Çin, Rusya’nın Ukrayna’daki savaşına rağmen ABD için en büyük güvenlik sorunu olmaya devam ediyor ve yeni Pentagon savunma stratejisine göre, Pekin’den gelen tehdit ABD ordusunun gelecek için nasıl donatılacağını ve şekillendirileceğini belirleyecek.
Perşembe günü yayınlanan belge, Çin ile çatışmanın “ne kaçınılmaz ne de arzu edilir” olduğunu söylese de, [Çin’in] Güney Çin Denizi’ndeki agresif askeri birikimine ve özerk Tayvan adası üzerindeki artan baskıya açık bir referansla, Pekin’in “önemli bölgelerdeki hakimiyetini” önleme çabasını anlatıyor.

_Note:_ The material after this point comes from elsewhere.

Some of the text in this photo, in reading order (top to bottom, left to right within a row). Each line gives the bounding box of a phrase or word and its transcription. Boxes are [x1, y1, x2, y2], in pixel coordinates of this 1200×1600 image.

Strateji, Çin’in Hint-Pasifik’teki Amerikan ittifaklarını baltalamaya çalıştığı ve büyüyen ordusunu komşularını baskı altında tutmak ve tehdit etmek için kullandığı konusunda uyarıyor.
Aynı zamanda, 80 sayfalık, gizliliği kaldırılan rapor, Rusya’nın Ukrayna’daki savaşına dikkat çekiyor ve Moskova’nın nükleer silahlar, siber operasyonlar ve uzun menzilli füzelerle ABD ve müttefikleri için ciddi bir tehdit olduğunu söylüyor ve Çin ile Rusya ortaklığı büyümeye devam ettikçe, “terör tehditleri devam etse bile, artık içeride asayiş ve güvenlik için daha tehlikeli meydan okumalar oluşturdukları” konusunda uyarıyor.

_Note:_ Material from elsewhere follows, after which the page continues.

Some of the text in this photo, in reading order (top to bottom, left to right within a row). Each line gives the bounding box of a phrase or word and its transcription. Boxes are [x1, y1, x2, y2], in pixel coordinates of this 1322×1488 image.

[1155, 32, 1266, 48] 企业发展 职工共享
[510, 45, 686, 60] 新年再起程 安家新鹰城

Savunma Bakanı Lloyd Austin Pentagon’da yaptığı konuşmada, Çin’in “hem uluslararası düzeni yeniden şekillendirme niyetine hem de giderek artan bir güce sahip tek rakip olduğunu” söyledi.
“Çin’in aksine, Rusya uzun vadede ABD’ye sistematik olarak meydan okuyamaz. Ancak Rus saldırganlığı, çıkarlarımız ve değerlerimiz için acil ve sert bir tehdit oluşturuyor.”
Rapor, ABD’nin ilk kez Rusya ve Çin nezdinde iki büyük nükleer silahlı rakiple karşı karşıya olduğunu ifade ediyor.
Strateji, Perşembe günü füze savunması ve nükleer silahlar hakkında yayınlanan diğer iki raporla birlikte, Amerika’nın önümüzdeki dört yıldaki askeri planlaması için kapsamlı bir plan sunuyor.
[İçeriğinin] Çoğu bir önceki raporla tutarlı olsa da, strateji, ABD birliklerinin Afganistan’da savaşmaya devam ettiği ve Ukrayna’ya yönelik büyük bir Rus işgalinin neredeyse düşünülemez göründüğü 2018’den bu yana dünyanın nasıl değiştiğini göz önüne alıyor.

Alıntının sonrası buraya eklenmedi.